Thanks for your comment! I was considering writing much more about moral uncertainty, since I think it’s an important topic here, but the post was long enough as it is. But you and other commenters below have all pulled me up on this one, so it’s worth being more explicit. I thus hope it’s OK for this reply to you to serve as a general reply to a lot of themes related to moral uncertainty in the comment section, to avoid repeating myself too much!
Starting with 1(b), the question of unconditional ‘deontological constraints’: this works in theory, but I don’t think it applies in practice. The (dis)value placed on specific actions can’t just be ‘extremely high’, because then it can still be swamped by utilitarianism over unbounded choice sets; it has to be infinite, such that (e.g.) intentional killing is infinitely disvaluable and no finite source of value, no matter how arbitrarily large, could outweigh it. This gets you around the impossibility proof, which as mentioned relies on order properties of the reals that don’t hold for the extended reals—roughly, the value of utility is always already infinitesimal relative to the infinite sources of (dis)value, so the marginal value of utility doesn’t need to decline asymptotically to avoid swamping them. But in practice, I just don’t see what marginally plausible deontological constraints could help a mostly-consequentialist theory avoid the train to crazy town. These constraints work to avoid counterexamples like e.g. the transplant case, where intuitively there is another principle at play that overrides utility considerations. In these cases, deontological constraints are simple, intuitive, and well-motivated. But in the cases I’m concerned with in this post, like Hurka’s St Petersburg Paradox, it’s not clear that Kantian-style constraints on murder or lying really help the theory—especially because of the role of risk in the example. To get around this example with deontological constraints, you either have to propose wildly implausible constraints like ‘never accept any choices with downside risk to human life’, or have an ad hoc restriction specifically designed to get around this case in particular—the latter of which seems a) epistemically dodgy and b) liable to be met with a slightly adjusted counterexample. I just don’t see how you could avoid all such cases with any even mildly plausible deontological constraint.
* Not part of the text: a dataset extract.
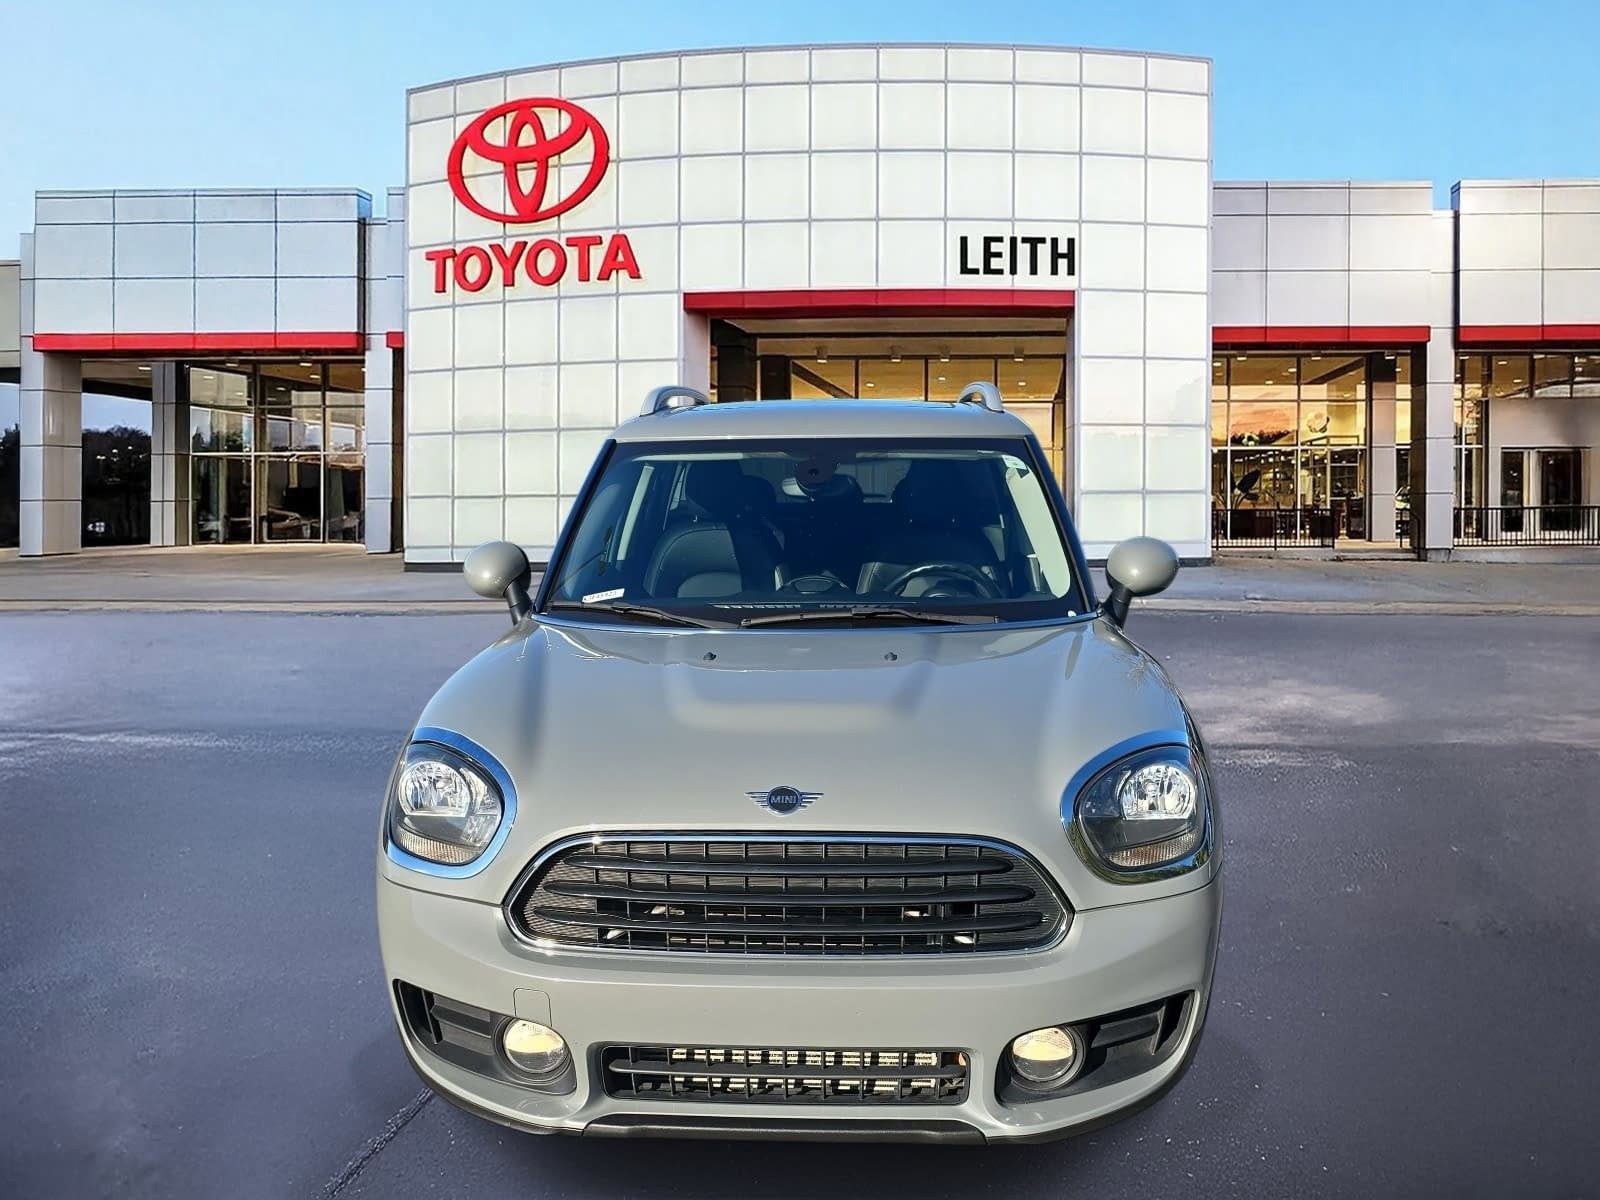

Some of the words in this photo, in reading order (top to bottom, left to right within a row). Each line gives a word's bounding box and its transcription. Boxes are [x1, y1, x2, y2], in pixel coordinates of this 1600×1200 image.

[426, 233, 641, 293] TOYOTA
[960, 236, 1075, 275] LEITH
[770, 795, 797, 804] MINI
Beyond these kinds of ‘lexical’ approaches, there are various other attempts to avoid fanaticism while respecting considerations of utility at scale—your 1(a). But by Cowen’s proof, if these are indeed to work, they must deny the universal domain condition—as indeed, the theories mentioned tend to! I mentioned the moral parliament explicitly, but note also that (e.g.) if you accept that certain intertheoretical comparisons cannot be made, then you have ipso facto denied universal domain and accepted a certain level of incomparability and pluralism. The difference between me and you is just that you’ve only accepted incomparability at the meta-level (it applies comparing different moral theories), whereas I’m encouraging you to adopt it at the object level (it should apply to the act of thinking about ethics in the first instance). But I see no coherent way to hold ‘we can have incomparability in our meta-level theorising, but it must be completely banned from our object-level theorising’! There are many potential rationalistic reasons you might offer for why incomparability and incommensurability should be banished from moral philosophy; but none of these are available to you if you take on a framework for moral uncertainty that avoids fanaticism by denying universal domain. So accepting these kinds of positions about moral uncertainty just seems to me like an unstable halfway house between true rationalistic moral philosophy (on the one hand) and pluralism (on the other).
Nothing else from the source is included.